The task » Give back the entire listing that follows, exactly.

── Raw data

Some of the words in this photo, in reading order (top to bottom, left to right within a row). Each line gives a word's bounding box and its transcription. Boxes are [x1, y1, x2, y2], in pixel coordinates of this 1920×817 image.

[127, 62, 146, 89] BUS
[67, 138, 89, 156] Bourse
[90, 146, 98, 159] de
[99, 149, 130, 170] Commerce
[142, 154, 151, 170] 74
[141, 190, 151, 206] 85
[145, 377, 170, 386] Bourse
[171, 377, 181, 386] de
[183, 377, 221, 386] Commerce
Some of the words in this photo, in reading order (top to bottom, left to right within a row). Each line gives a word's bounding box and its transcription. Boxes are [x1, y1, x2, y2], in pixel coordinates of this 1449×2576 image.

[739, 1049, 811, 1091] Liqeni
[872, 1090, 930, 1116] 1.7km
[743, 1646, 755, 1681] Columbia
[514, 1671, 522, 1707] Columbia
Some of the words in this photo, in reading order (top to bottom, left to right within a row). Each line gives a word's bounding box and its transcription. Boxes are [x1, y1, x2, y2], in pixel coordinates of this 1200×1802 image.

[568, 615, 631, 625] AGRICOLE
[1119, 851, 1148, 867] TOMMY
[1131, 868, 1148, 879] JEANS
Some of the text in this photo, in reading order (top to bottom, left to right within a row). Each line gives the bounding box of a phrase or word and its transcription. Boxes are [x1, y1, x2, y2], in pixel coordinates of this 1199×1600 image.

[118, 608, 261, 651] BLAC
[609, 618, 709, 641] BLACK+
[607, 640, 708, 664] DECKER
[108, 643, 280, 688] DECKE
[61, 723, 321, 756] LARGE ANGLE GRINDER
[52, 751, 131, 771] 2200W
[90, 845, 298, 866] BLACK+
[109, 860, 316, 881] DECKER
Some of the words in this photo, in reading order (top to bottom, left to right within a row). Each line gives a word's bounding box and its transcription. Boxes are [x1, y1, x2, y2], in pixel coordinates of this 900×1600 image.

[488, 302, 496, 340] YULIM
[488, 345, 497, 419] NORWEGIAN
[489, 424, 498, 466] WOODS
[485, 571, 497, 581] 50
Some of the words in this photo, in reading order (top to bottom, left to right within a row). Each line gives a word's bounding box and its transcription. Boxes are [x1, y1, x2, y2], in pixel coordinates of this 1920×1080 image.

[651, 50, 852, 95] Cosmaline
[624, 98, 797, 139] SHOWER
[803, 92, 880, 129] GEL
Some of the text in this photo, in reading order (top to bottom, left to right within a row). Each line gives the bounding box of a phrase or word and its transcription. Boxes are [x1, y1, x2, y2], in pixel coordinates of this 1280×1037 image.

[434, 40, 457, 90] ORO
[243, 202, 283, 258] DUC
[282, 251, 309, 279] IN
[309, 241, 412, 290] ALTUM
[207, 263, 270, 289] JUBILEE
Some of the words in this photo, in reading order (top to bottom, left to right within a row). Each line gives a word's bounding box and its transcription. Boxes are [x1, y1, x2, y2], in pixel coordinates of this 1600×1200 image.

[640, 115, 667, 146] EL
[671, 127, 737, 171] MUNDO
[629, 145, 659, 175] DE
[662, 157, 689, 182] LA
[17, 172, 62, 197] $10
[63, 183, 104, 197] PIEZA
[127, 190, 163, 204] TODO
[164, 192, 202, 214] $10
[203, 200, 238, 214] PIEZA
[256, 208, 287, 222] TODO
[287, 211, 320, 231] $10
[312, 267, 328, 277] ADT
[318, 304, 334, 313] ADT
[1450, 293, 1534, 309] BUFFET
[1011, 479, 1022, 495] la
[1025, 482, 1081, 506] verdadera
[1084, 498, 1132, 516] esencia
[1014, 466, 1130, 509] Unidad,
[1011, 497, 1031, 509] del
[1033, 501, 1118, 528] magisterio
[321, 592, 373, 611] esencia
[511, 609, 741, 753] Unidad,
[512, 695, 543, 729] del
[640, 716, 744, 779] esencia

────

Solution to this task »
Some of the words in this photo, in reading order (top to bottom, left to right within a row). Each line gives a word's bounding box and its transcription. Boxes are [x1, y1, x2, y2], in pixel coordinates of this 1920×817 image.

[127, 62, 146, 89] BUS
[67, 138, 89, 156] Bourse
[90, 146, 98, 159] de
[99, 149, 130, 170] Commerce
[142, 154, 151, 170] 74
[141, 190, 151, 206] 85
[145, 377, 170, 386] Bourse
[171, 377, 181, 386] de
[183, 377, 221, 386] Commerce
Some of the words in this photo, in reading order (top to bottom, left to right within a row). Each line gives a word's bounding box and its transcription. Boxes are [x1, y1, x2, y2], in pixel coordinates of this 1449×2576 image.

[739, 1049, 811, 1091] Liqeni
[872, 1090, 930, 1116] 1.7km
[743, 1646, 755, 1681] Columbia
[514, 1671, 522, 1707] Columbia
Some of the words in this photo, in reading order (top to bottom, left to right within a row). Each line gives a word's bounding box and its transcription. Boxes are [x1, y1, x2, y2], in pixel coordinates of this 1200×1802 image.

[568, 615, 631, 625] AGRICOLE
[1119, 851, 1148, 867] TOMMY
[1131, 868, 1148, 879] JEANS
Some of the text in this photo, in reading order (top to bottom, left to right within a row). Each line gives the bounding box of a phrase or word and its transcription. Boxes are [x1, y1, x2, y2], in pixel coordinates of this 1199×1600 image.

[118, 608, 261, 651] BLAC
[609, 618, 709, 641] BLACK+
[607, 640, 708, 664] DECKER
[108, 643, 280, 688] DECKE
[61, 723, 321, 756] LARGE ANGLE GRINDER
[52, 751, 131, 771] 2200W
[90, 845, 298, 866] BLACK+
[109, 860, 316, 881] DECKER
Some of the words in this photo, in reading order (top to bottom, left to right within a row). Each line gives a word's bounding box and its transcription. Boxes are [x1, y1, x2, y2], in pixel coordinates of this 900×1600 image.

[488, 302, 496, 340] YULIM
[488, 345, 497, 419] NORWEGIAN
[489, 424, 498, 466] WOODS
[485, 571, 497, 581] 50
Some of the words in this photo, in reading order (top to bottom, left to right within a row). Each line gives a word's bounding box and its transcription. Boxes are [x1, y1, x2, y2], in pixel coordinates of this 1920×1080 image.

[651, 50, 852, 95] Cosmaline
[624, 98, 797, 139] SHOWER
[803, 92, 880, 129] GEL
Some of the text in this photo, in reading order (top to bottom, left to right within a row). Each line gives the bounding box of a phrase or word and its transcription. Boxes are [x1, y1, x2, y2], in pixel coordinates of this 1280×1037 image.

[434, 40, 457, 90] ORO
[243, 202, 283, 258] DUC
[282, 251, 309, 279] IN
[309, 241, 412, 290] ALTUM
[207, 263, 270, 289] JUBILEE
Some of the words in this photo, in reading order (top to bottom, left to right within a row). Each line gives a word's bounding box and its transcription. Boxes are [x1, y1, x2, y2], in pixel coordinates of this 1600×1200 image.

[640, 115, 667, 146] EL
[671, 127, 737, 171] MUNDO
[629, 145, 659, 175] DE
[662, 157, 689, 182] LA
[17, 172, 62, 197] $10
[63, 183, 104, 197] PIEZA
[127, 190, 163, 204] TODO
[164, 192, 202, 214] $10
[203, 200, 238, 214] PIEZA
[256, 208, 287, 222] TODO
[287, 211, 320, 231] $10
[312, 267, 328, 277] ADT
[318, 304, 334, 313] ADT
[1450, 293, 1534, 309] BUFFET
[1011, 479, 1022, 495] la
[1025, 482, 1081, 506] verdadera
[1084, 498, 1132, 516] esencia
[1014, 466, 1130, 509] Unidad,
[1011, 497, 1031, 509] del
[1033, 501, 1118, 528] magisterio
[321, 592, 373, 611] esencia
[511, 609, 741, 753] Unidad,
[512, 695, 543, 729] del
[640, 716, 744, 779] esencia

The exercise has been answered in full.